Ces rencontres ont été marquées par les éclairages apportés par Nourdine Bourhane, coordinateur du programme Bundo la Malezi. Dans un entretien accordé à la presse, il a détaillé les objectifs du projet, le calendrier d’exécution ainsi que les mécanismes de suivi mis en place pour garantir la qualité des travaux. Il a notamment insisté sur la volonté des partenaires d’assurer une gestion transparente et participative, impliquant pleinement les communautés scolaires bénéficiaires.
Cette série de réunions avait pour but de rassembler l’ensemble des parties prenantes appelées à intervenir dans le cadre des travaux à venir. Conseils d’école, parents d’élèves, enseignants et directions des établissements ont ainsi été conviés à des échanges directs avec les autorités et les partenaires techniques et financiers.
Lors de ces réunions, les bénéficiaires ont été officiellement informés de l’identité des entreprises attributaires des marchés pour chacun des trois sites.
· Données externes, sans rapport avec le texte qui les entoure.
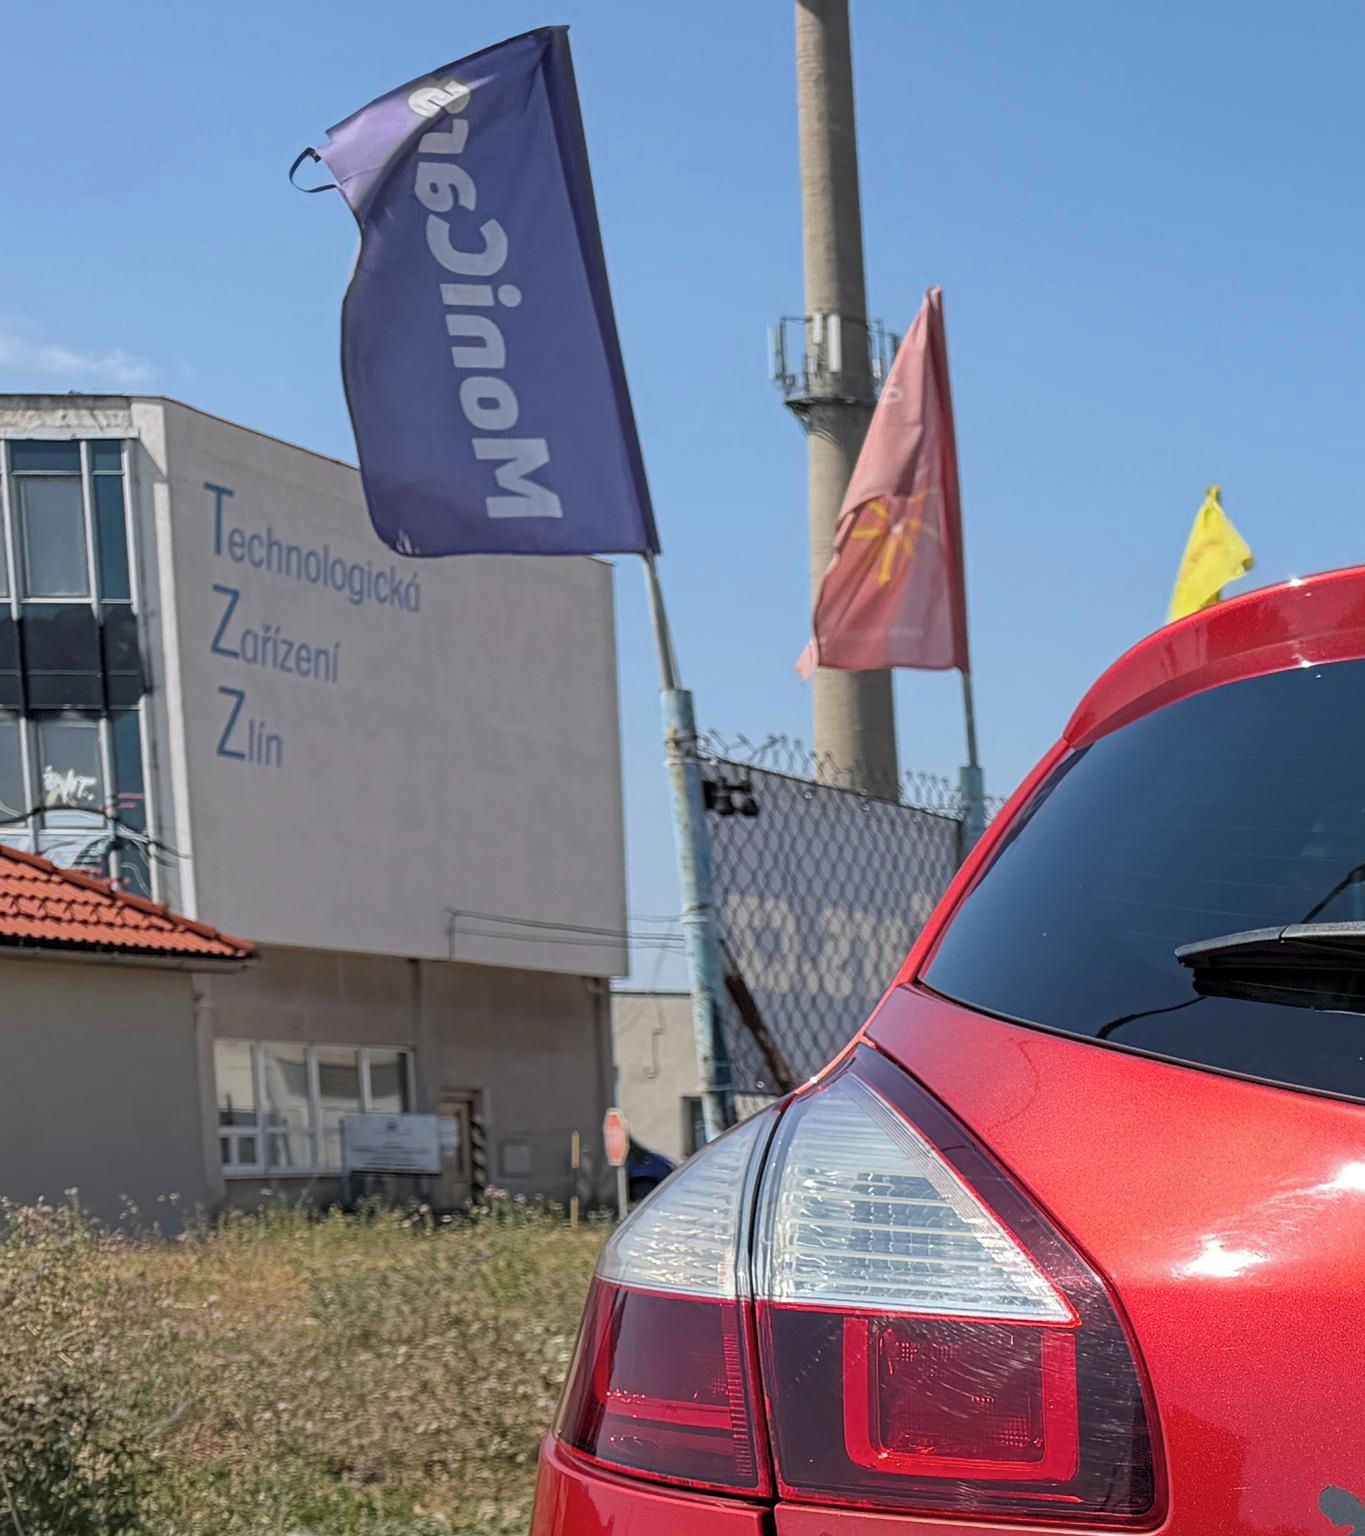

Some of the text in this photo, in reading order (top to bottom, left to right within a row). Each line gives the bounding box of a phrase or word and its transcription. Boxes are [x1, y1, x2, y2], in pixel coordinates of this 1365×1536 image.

[203, 482, 421, 612] Technologická
[210, 584, 341, 684] Zařízení
[216, 685, 284, 768] Zlín
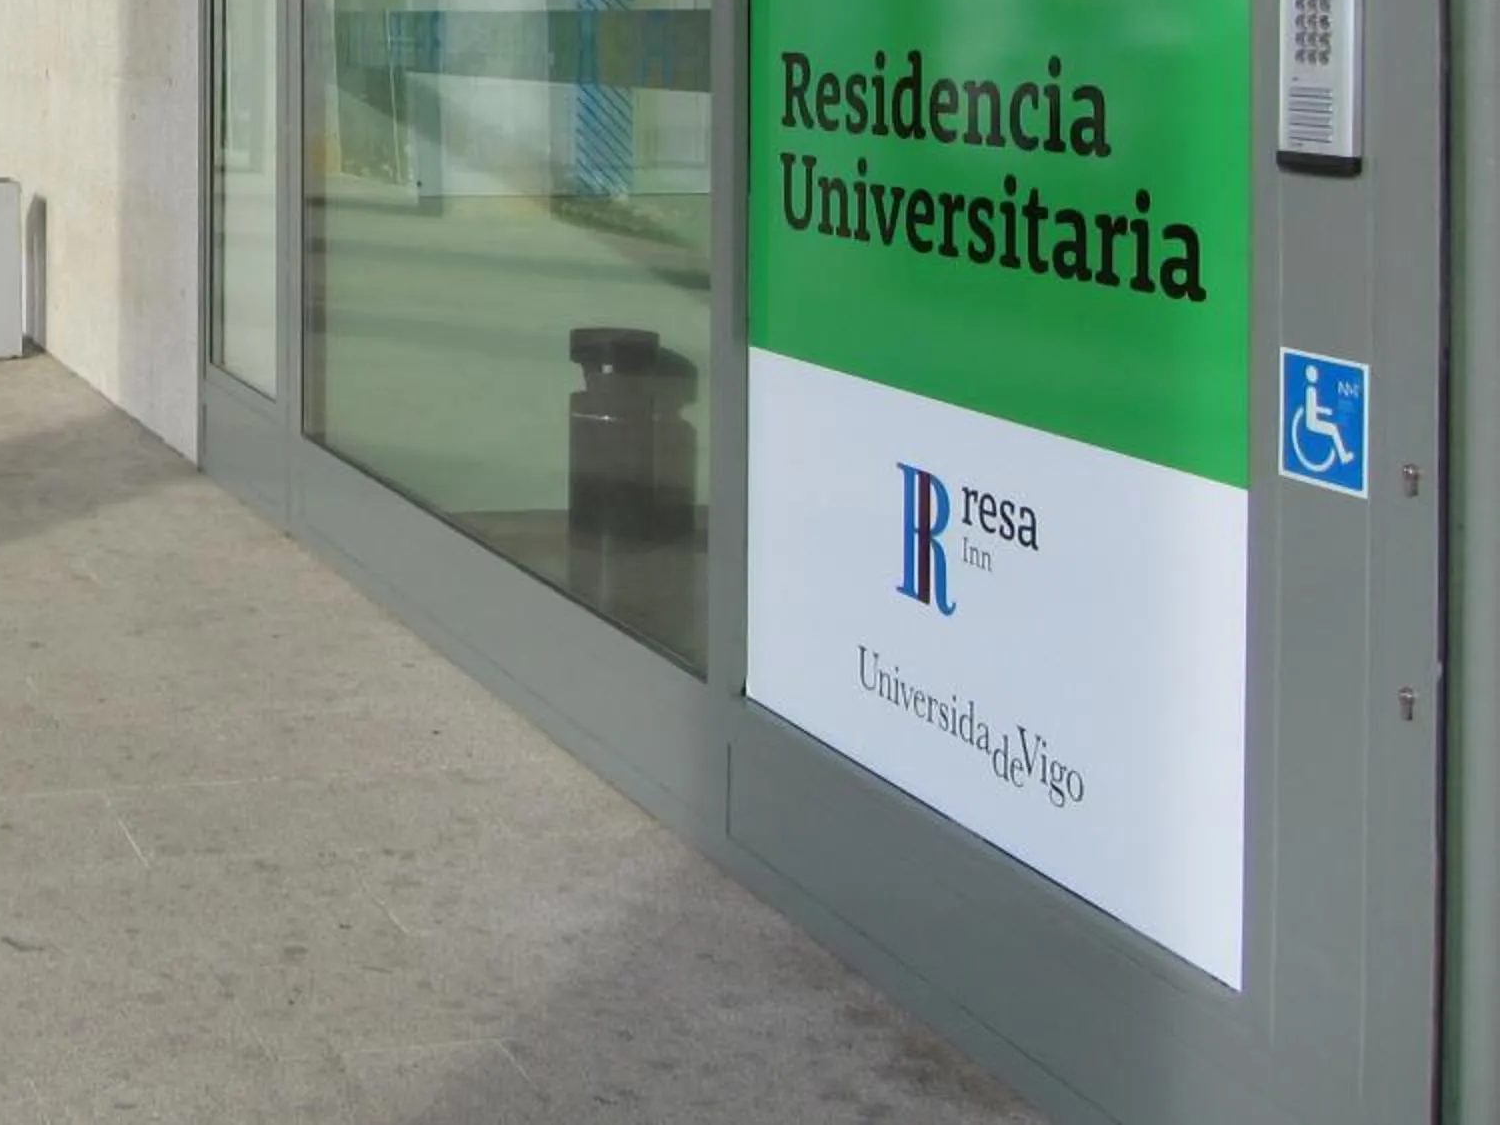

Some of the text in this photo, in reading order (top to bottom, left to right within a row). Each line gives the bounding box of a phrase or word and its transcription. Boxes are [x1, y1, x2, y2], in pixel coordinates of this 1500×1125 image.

[781, 49, 1111, 158] Residencia
[780, 151, 1207, 302] Universitaria
[961, 483, 1039, 550] resa
[961, 537, 993, 572] Inn
Les représentants ont présenté en détail les sociétés chargées de l’exécution des travaux, aussi bien à Djoiezi qu’à Bangoma et Salamani, afin d’instaurer un climat de transparence et de confiance avec les communautés locales.
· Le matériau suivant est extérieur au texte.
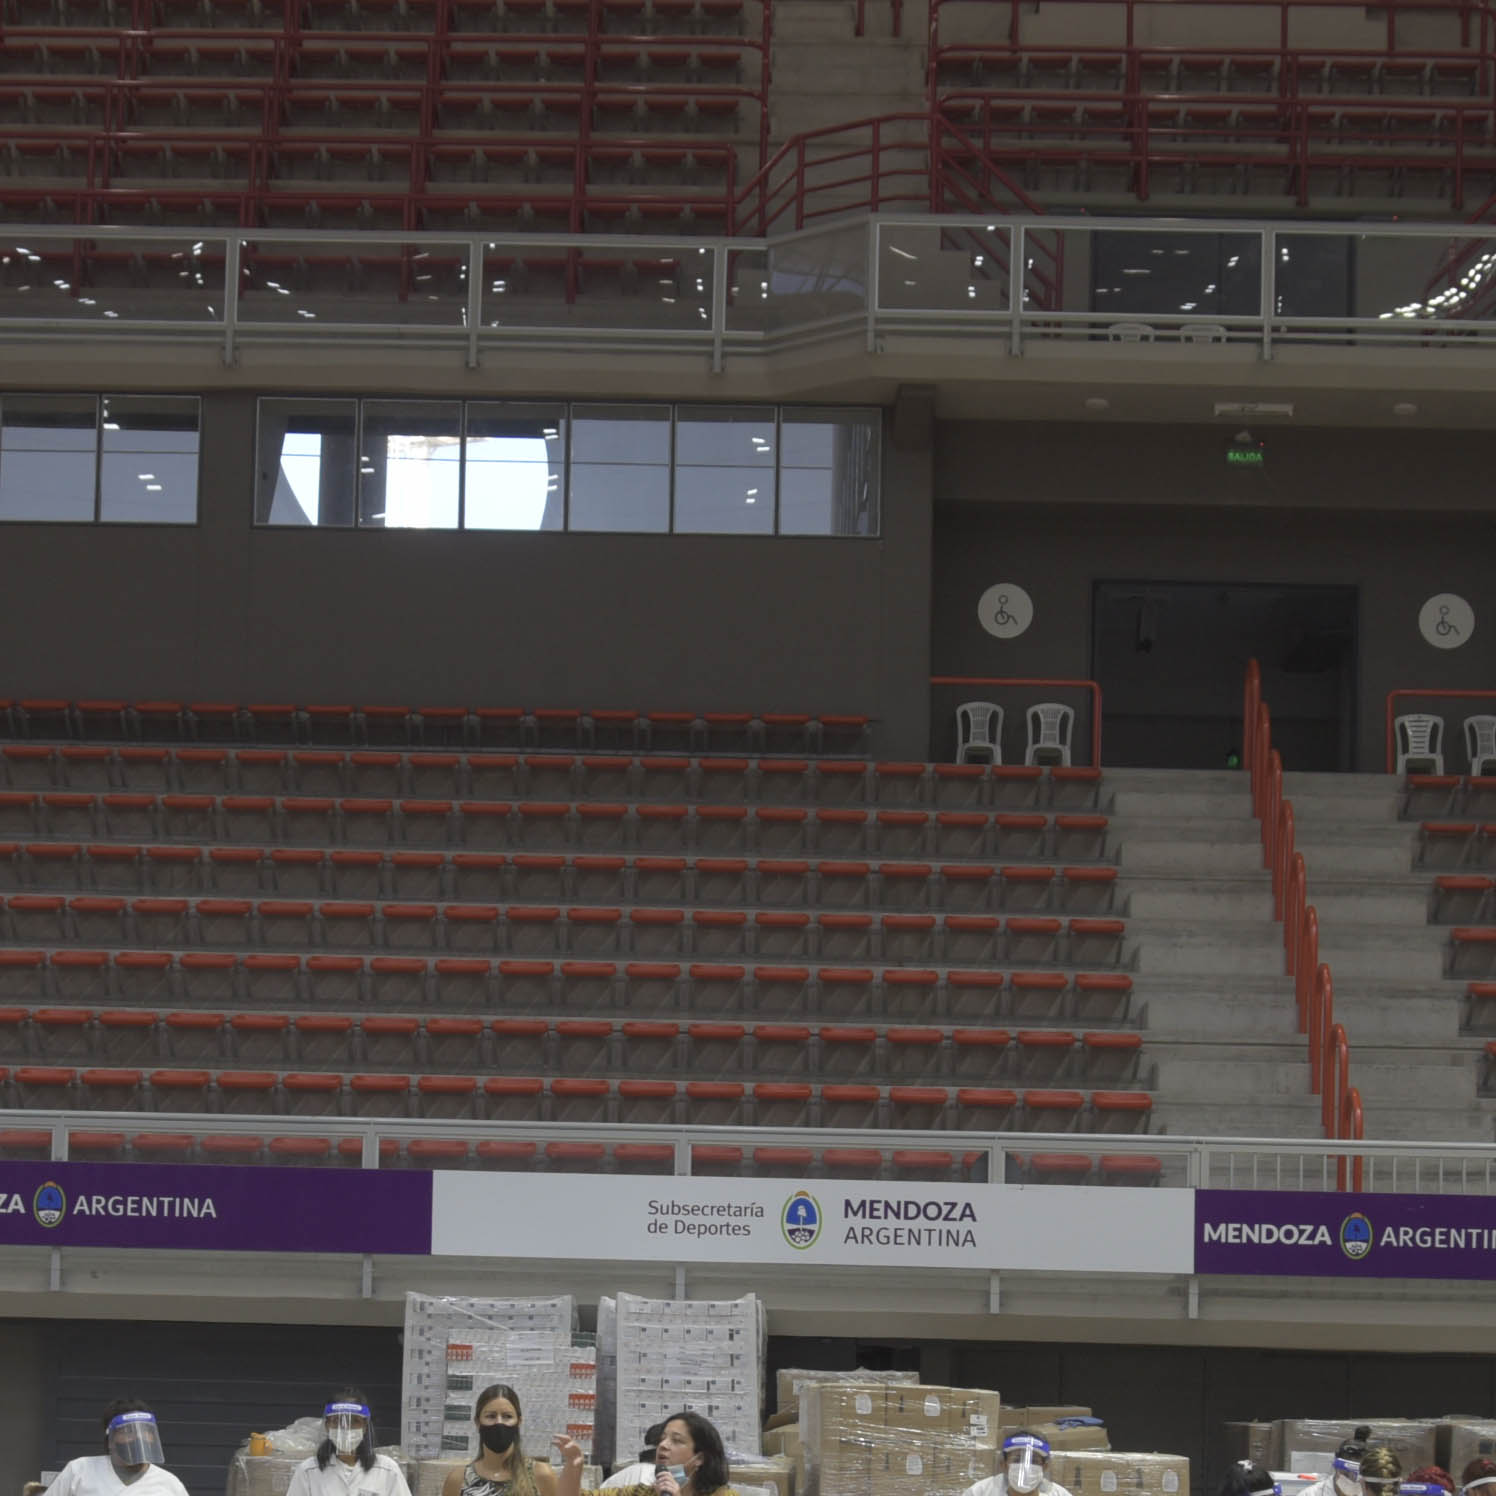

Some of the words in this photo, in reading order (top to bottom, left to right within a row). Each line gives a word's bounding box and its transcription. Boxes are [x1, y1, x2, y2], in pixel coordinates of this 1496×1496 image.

[73, 1196, 216, 1218] ARGENTINA
[648, 1199, 765, 1218] Subsecretaría
[844, 1199, 977, 1222] MENDOZA
[648, 1218, 668, 1234] de
[675, 1220, 751, 1239] Deportes
[844, 1226, 977, 1248] ARGENTINA
[1204, 1223, 1332, 1246] MENDOZA
La mission a réuni plusieurs acteurs clés : le bailleur de fonds, l’Agence française de développement (AFD), le Ministère de l'Éducation nationale en qualité de maître d’ouvrage, la cellule de gestion du projet, les entreprises en charge des travaux ainsi que le bureau d’études responsable du contrôle et de la supervision. Au-delà de la simple présentation des entreprises, ces rencontres ont permis d’expliquer la nature des travaux prévus dans chaque établissement et de préciser le rôle de chaque intervenant dans leur exécution. Selon Nourdine Bourhane, ces chantiers visent à améliorer durablement les conditions d’apprentissage des élèves et à offrir aux enseignants un environnement de travail plus adapté.
Les autorités ont également insisté sur l’importance de l’implication de la communauté éducative pour assurer le bon déroulement des chantiers et garantir la qualité des infrastructures qui seront livrées. À travers cette démarche participative, les responsables entendent poser les bases d’une collaboration étroite entre institutions, partenaires techniques et bénéficiaires, au service de l’amélioration des conditions d’apprentissage dans les écoles publiques de Mohéli.